/---

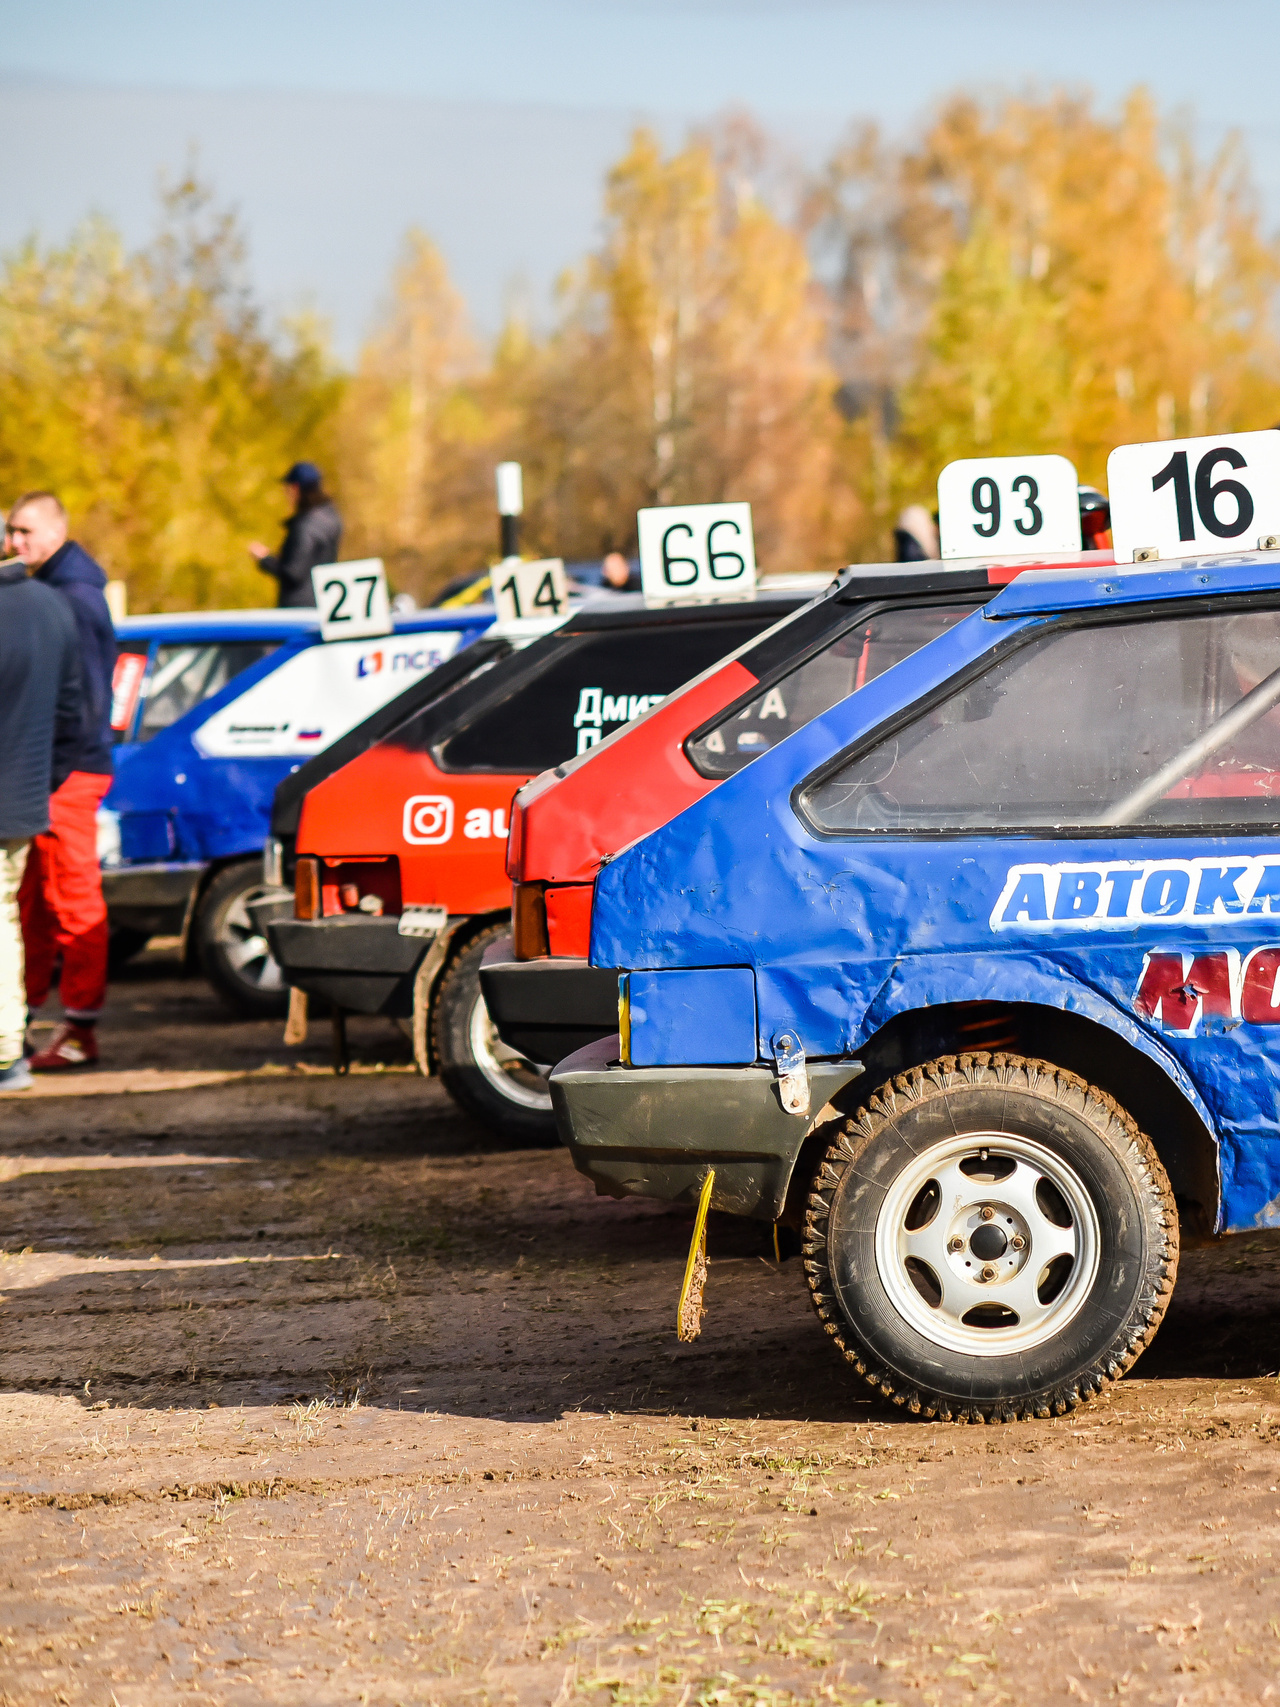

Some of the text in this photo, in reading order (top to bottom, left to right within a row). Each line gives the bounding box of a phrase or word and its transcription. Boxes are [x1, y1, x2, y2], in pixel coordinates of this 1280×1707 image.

[970, 475, 1043, 538] 93
[1151, 446, 1254, 541] 16
[661, 520, 745, 586] 66
[323, 575, 379, 622] 27
[500, 571, 562, 618] 14
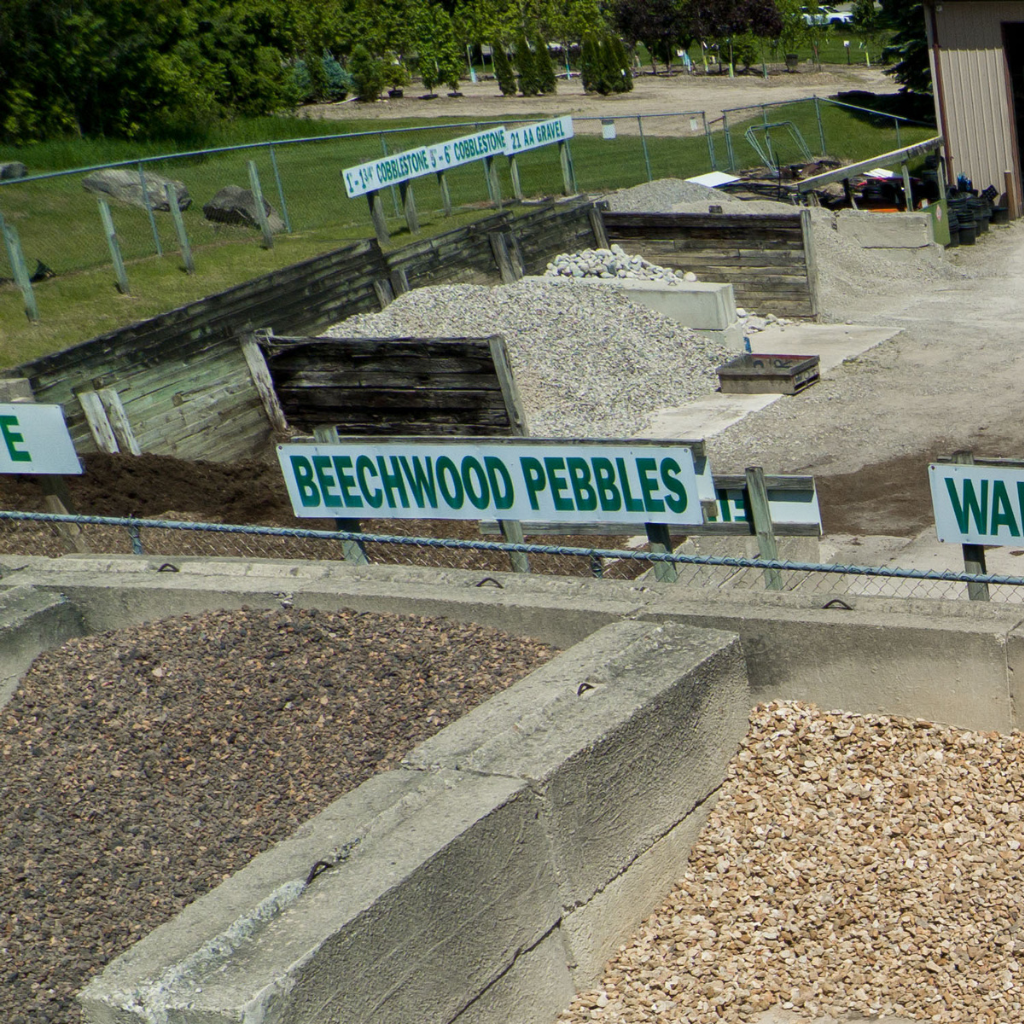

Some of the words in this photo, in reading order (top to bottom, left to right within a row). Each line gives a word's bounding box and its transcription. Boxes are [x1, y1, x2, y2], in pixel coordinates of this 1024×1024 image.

[454, 129, 507, 161] COBBLESTONE
[510, 132, 521, 149] 21
[523, 128, 535, 146] AA
[535, 120, 565, 142] GRAVEL
[376, 149, 429, 183] COBBLESTONE
[289, 454, 514, 510] BEECHWOOD
[519, 456, 688, 514] PEBBLES
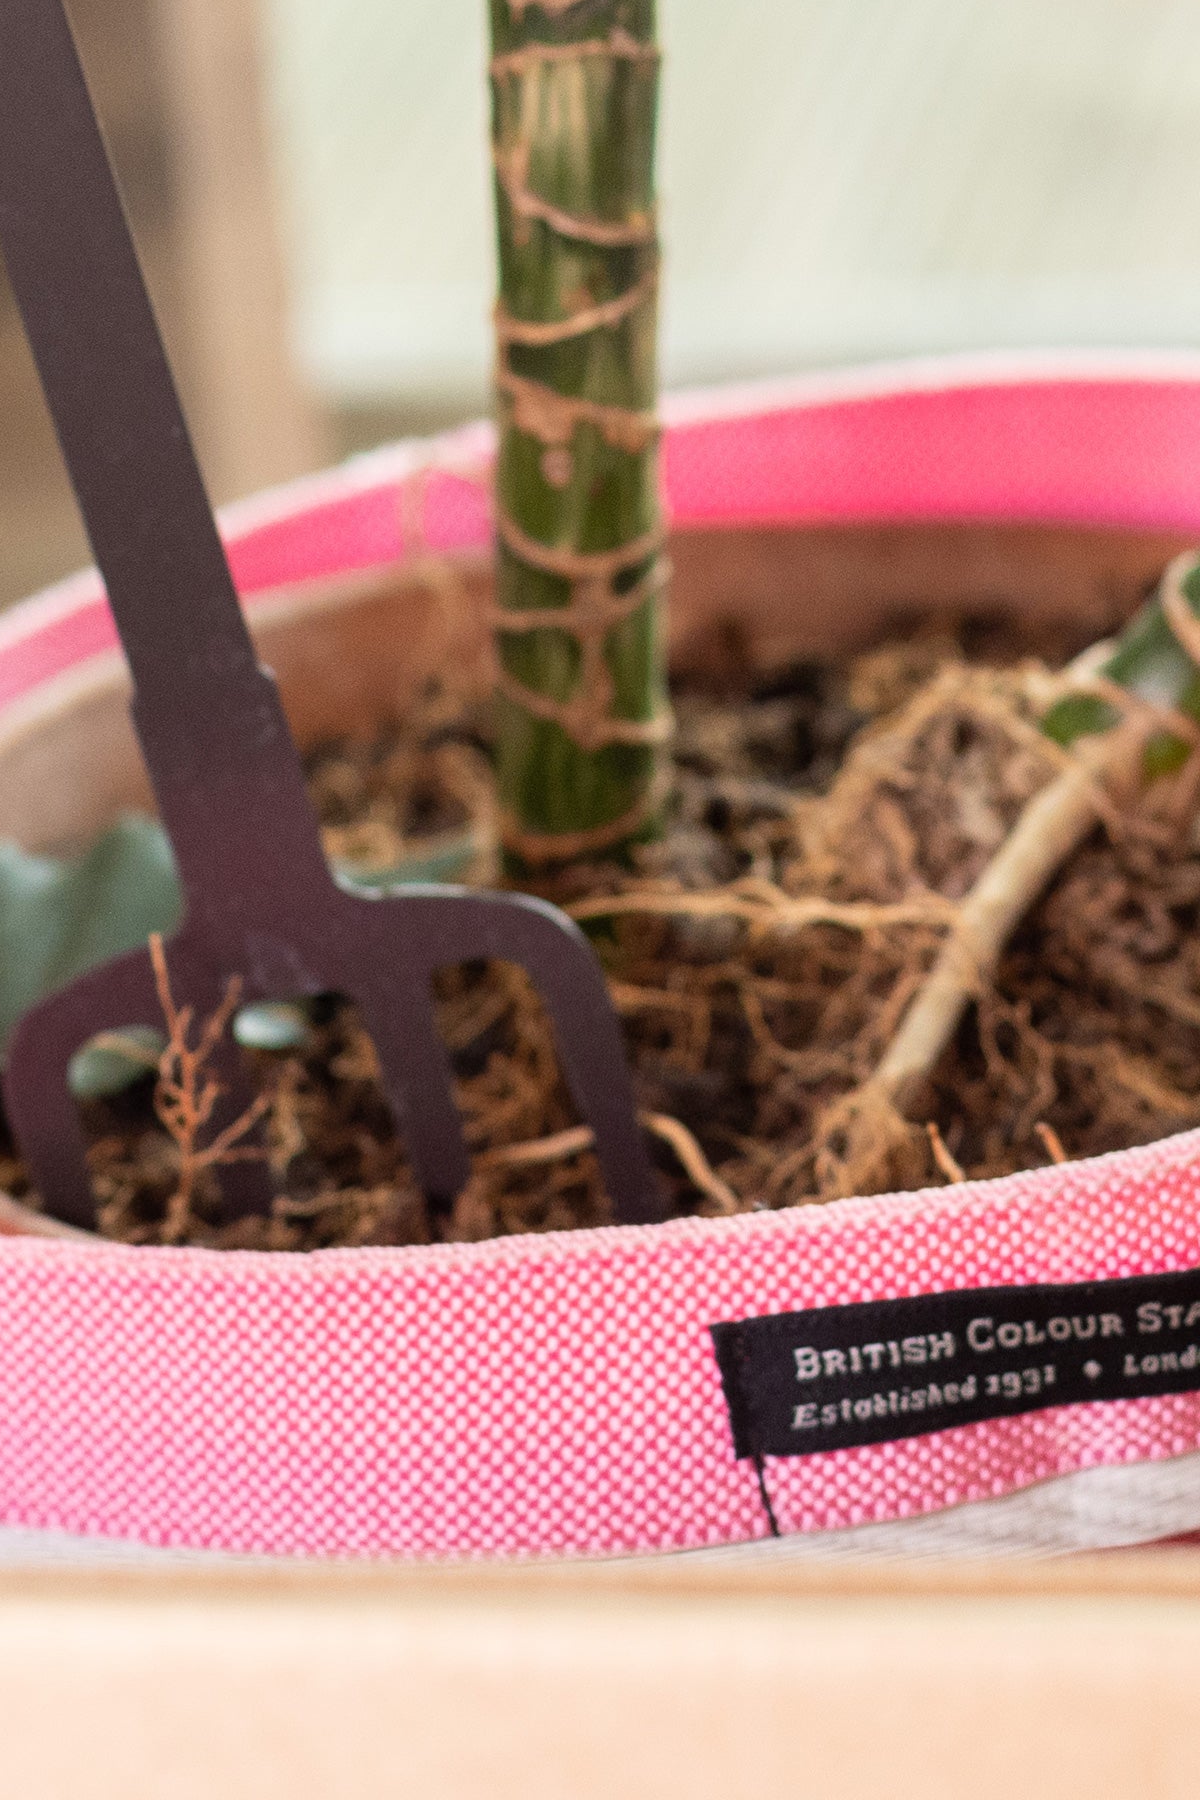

\---

* Your goal
Your answer must be the full listing, reproduced word for word, without its pictures.

* Solution
Some of the text in this photo, in reading order (top to bottom, left to right within a row). Each line gives the bounding box of a phrase or word and its transcription. Boxes are [x1, y1, x2, y2], in pixel coordinates of this 1280×1707 image.

[970, 475, 1043, 538] 93
[1151, 446, 1254, 541] 16
[661, 520, 745, 586] 66
[323, 575, 379, 622] 27
[500, 571, 562, 618] 14

Some of the words in this photo, in reading order (top to bottom, left to right within a row). Each line gives a word's bounding box and its transcription. Boxes are [x1, y1, x2, y2], in pixel coordinates of this 1024×1024 image.

[454, 129, 507, 161] COBBLESTONE
[510, 132, 521, 149] 21
[523, 128, 535, 146] AA
[535, 120, 565, 142] GRAVEL
[376, 149, 429, 183] COBBLESTONE
[289, 454, 514, 510] BEECHWOOD
[519, 456, 688, 514] PEBBLES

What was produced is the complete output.